The problem: Report only how many lines of the records contain the word "назначению".

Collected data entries
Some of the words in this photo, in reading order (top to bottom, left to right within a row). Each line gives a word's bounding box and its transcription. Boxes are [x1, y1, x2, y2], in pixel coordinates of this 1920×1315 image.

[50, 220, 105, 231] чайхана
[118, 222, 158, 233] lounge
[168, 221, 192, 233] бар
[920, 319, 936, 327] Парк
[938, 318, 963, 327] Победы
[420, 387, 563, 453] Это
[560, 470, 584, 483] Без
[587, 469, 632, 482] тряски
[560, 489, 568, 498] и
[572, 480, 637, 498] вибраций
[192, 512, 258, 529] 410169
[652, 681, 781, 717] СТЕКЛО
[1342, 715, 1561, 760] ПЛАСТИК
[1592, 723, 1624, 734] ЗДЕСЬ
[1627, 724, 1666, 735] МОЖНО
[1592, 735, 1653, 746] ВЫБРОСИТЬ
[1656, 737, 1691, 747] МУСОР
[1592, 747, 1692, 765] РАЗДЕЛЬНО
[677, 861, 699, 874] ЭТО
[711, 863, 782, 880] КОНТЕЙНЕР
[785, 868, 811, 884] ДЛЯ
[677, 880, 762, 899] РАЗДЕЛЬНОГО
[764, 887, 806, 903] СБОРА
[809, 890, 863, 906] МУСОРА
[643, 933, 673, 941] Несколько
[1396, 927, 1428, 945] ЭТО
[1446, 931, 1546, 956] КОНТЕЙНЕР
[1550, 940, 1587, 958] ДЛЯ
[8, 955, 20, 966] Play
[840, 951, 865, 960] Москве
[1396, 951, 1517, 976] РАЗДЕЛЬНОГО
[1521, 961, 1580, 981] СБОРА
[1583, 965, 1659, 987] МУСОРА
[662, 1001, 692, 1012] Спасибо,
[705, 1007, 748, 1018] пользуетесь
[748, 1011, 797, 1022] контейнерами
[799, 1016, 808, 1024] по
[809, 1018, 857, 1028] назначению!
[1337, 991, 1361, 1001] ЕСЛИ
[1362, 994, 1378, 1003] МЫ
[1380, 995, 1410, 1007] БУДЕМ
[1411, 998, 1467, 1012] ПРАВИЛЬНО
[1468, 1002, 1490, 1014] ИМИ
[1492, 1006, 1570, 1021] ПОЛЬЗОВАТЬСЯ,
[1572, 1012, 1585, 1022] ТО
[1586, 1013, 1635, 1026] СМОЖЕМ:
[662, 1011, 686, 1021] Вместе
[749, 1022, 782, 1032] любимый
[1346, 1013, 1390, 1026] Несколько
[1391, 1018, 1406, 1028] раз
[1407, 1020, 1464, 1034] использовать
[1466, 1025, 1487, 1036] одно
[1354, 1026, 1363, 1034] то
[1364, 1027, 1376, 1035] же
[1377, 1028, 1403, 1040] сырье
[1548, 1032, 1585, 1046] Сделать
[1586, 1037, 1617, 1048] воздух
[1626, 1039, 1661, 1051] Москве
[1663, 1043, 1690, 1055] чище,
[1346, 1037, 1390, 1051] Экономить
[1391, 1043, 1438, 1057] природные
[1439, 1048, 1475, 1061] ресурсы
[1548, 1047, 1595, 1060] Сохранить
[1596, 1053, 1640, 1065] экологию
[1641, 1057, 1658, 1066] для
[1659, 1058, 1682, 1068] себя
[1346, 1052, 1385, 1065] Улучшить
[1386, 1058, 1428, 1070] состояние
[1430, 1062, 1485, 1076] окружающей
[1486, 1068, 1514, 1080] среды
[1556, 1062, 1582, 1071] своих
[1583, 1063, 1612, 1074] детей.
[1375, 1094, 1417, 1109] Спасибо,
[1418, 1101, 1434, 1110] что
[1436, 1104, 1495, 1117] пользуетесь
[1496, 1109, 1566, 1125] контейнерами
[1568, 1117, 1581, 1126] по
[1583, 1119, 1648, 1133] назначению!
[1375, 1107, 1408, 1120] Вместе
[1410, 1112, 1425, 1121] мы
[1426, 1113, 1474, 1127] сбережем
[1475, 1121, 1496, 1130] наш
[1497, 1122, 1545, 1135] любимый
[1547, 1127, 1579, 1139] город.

Written answer: 2